What else should healthcare organizations do to comply with the new changes?
It is recommended that, at a minimum, healthcare organizations and covered entities review and revise their policies and procedures on breach notification and the sale of PHI. They should also develop new protocols for business associates to ensure they extend to subcontractors. Risk managers at affected entities also should review policies regarding PHI used for fundraising, requests to transmit such information to third persons, disclosure of immunization records, and authorizations for the use and sale of PHI and disclosure for paid marketing.
In addition, business associates and any entity that transmits PHI should perform risk assessments and carefully review their relationships with subcontractors. The entities may also want to seek clarification of language that clearly defines the roles and responsibilities of each party. Of course, this all assumes that the affected organizations are also ensuring they are in compliance with the relevant regulations.
Are healthcare organizations more at risk of a cyber breach than other industries?
Studies suggest that healthcare organizations are among the most at risk for data breaches. Over the last two years, 94 percent of healthcare organizations have suffered a data breach, while 45 percent suffered more than five such incidents, according to a report by data breach prevention company ID Experts.
The cost of such breaches to the healthcare industry is staggering—as high as $7 billion annually, according to risk consultant Navigant, with the average number of lost or stolen records per breach at 2,769.
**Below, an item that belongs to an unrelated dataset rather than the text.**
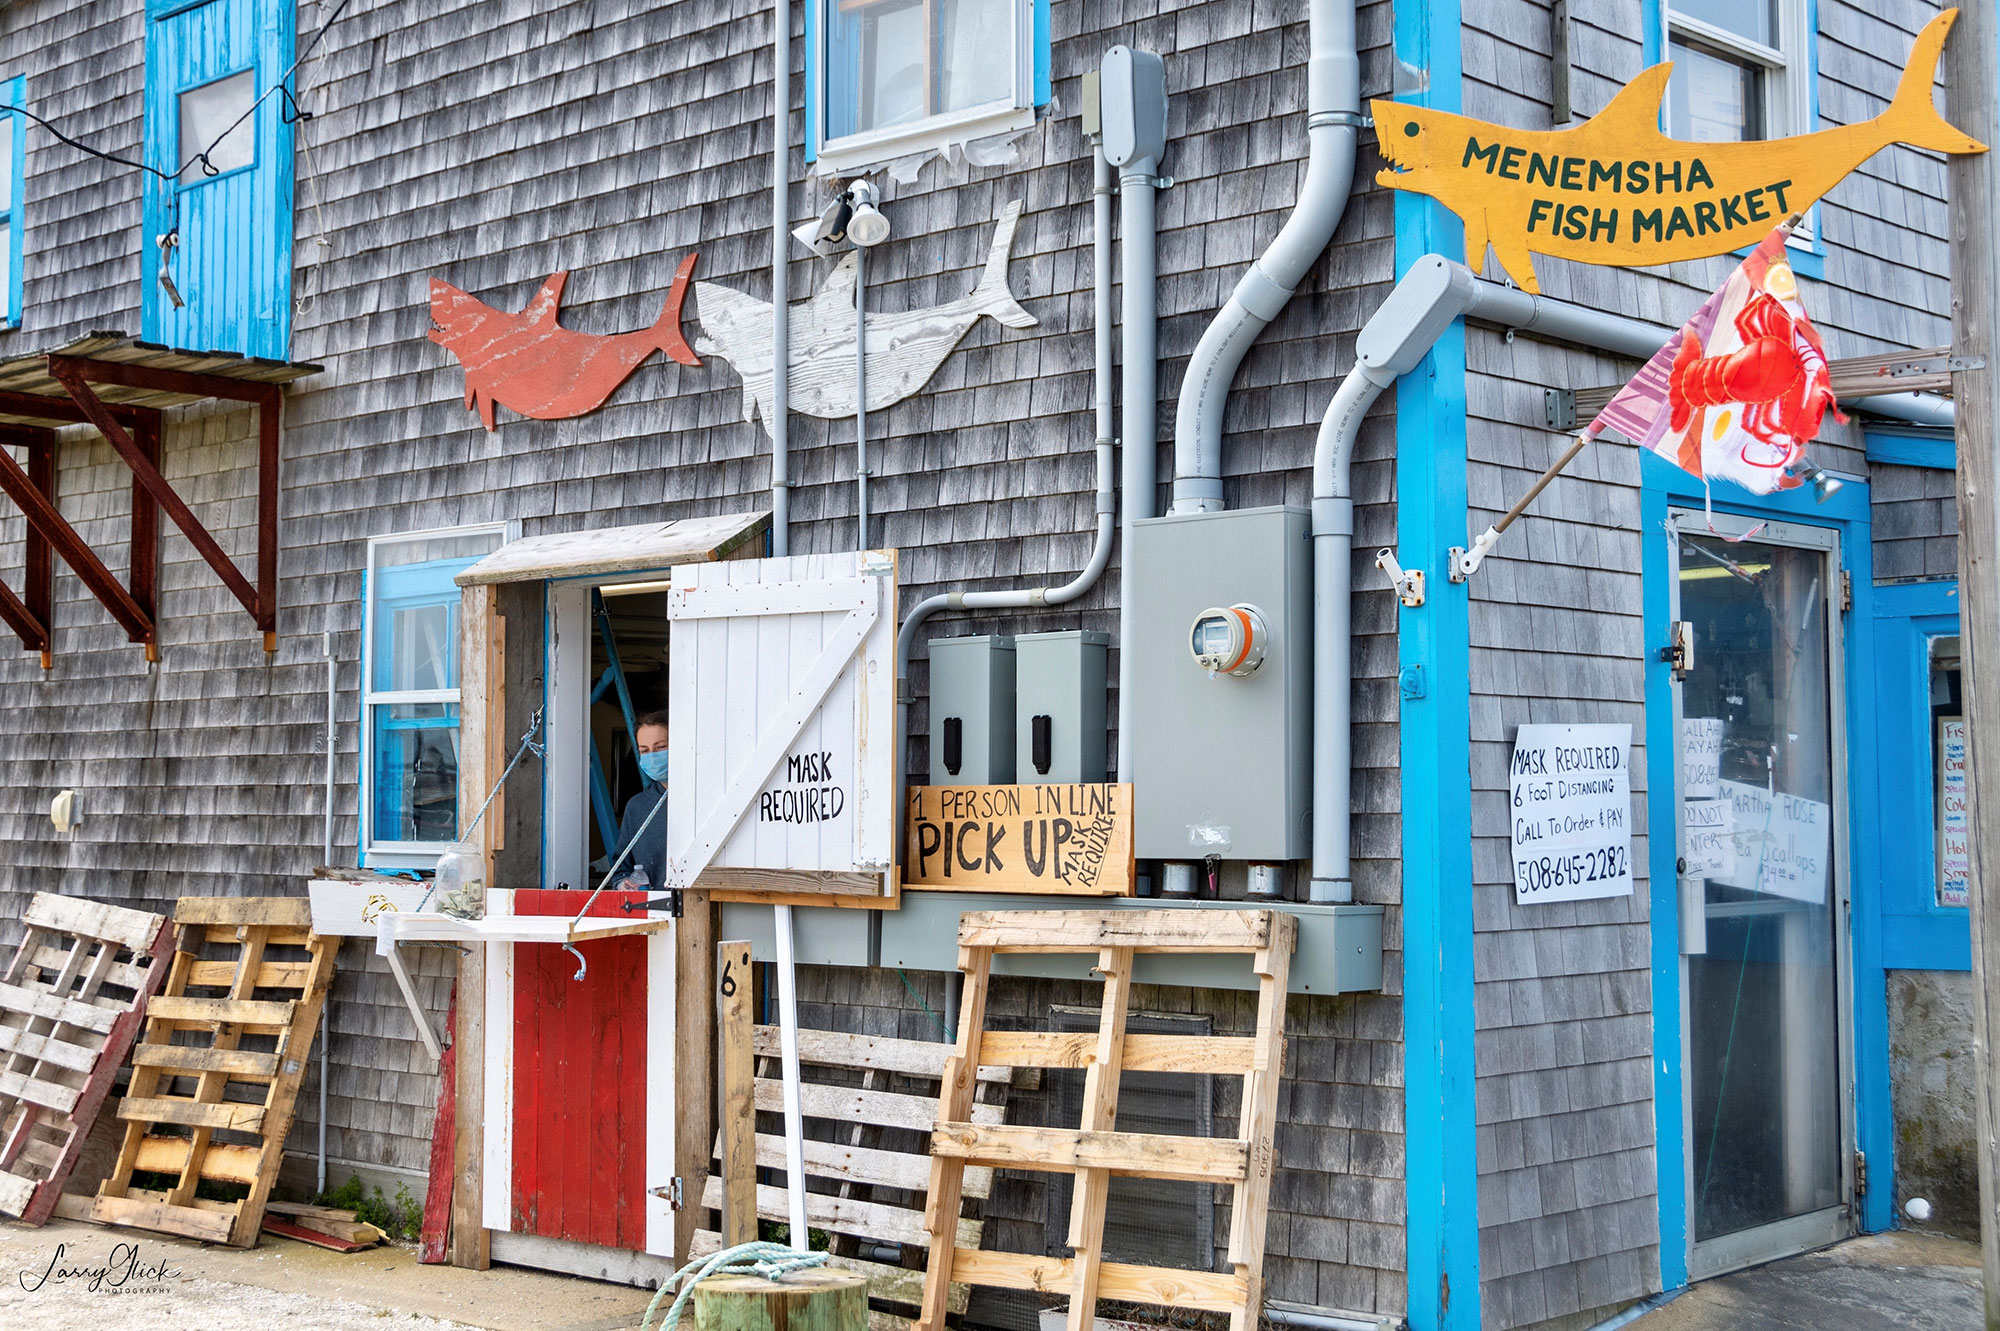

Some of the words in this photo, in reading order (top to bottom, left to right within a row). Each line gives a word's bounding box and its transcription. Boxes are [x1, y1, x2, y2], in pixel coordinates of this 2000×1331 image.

What are the best ways to mitigate cyber risk?
Cyber risk involves a lot more than just privacy issues and protecting information. It’s an operational risk and needs to be properly understood and managed. Frankly, it’s education and awareness that serve as the best defense. Simply buying cyber insurance is not the answer. Healthcare risk managers need to take the appropriate steps to understand the risk and adequately inform their senior leaders so they can provide company-wide IT risk oversight.
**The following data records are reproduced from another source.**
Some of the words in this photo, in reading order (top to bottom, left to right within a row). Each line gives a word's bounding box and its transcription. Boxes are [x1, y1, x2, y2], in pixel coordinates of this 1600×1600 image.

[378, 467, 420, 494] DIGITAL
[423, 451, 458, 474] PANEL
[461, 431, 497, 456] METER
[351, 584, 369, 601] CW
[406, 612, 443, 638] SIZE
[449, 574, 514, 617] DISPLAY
In order to do that, risk managers need to take a coordinated view and approach to these risks and engage IT, legal, and compliance colleagues in the process.
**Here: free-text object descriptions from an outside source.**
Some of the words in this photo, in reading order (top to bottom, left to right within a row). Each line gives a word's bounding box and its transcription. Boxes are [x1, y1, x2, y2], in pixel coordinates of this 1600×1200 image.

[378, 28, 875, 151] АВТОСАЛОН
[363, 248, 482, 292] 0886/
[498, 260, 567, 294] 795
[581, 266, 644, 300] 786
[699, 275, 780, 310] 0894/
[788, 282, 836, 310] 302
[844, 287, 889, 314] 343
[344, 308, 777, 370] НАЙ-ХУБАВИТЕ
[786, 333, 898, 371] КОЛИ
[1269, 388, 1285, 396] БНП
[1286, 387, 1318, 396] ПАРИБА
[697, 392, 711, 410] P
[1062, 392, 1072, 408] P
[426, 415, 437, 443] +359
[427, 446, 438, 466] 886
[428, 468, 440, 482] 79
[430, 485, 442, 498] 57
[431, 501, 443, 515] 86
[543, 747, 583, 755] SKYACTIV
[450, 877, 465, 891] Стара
You mentioned cyber insurance. What does that cover?
Cyber insurance policies can fill many of the gaps in traditional insurance and provide direct loss and liability protection for risks created by the use of technology and data in an organization’s day-to-day operations. For example, cyber insurance will protect a company from key vulnerabilities such as:
• Claims arising from an actual or alleged failure of computer security to prevent or mitigate a computer attack;
• Claims arising from a disclosure or mishandling of confidential information;
• Costs associated with complying with privacy breach notification statutes, including legal and forensic expenses; and
• Defense of regulatory actions including affirmative coverage for assessed fines and penalties.
Are more healthcare companies purchasing cyber insurance today?
According to Marsh’s most recent benchmarking report, the number of healthcare clients purchasing cyber insurance increased 20.2 percent from 2011 to 2012. .
About the rule
In January, the Department of Health and Human Services Office of Civil Rights issued its final rule modifying the HIPAA privacy, security, enforcement, and breach notification rules under the HITECH Act. The final rule, which impacts the cyber activities of healthcare providers, became effective on March 26, and final compliance is required by September 23.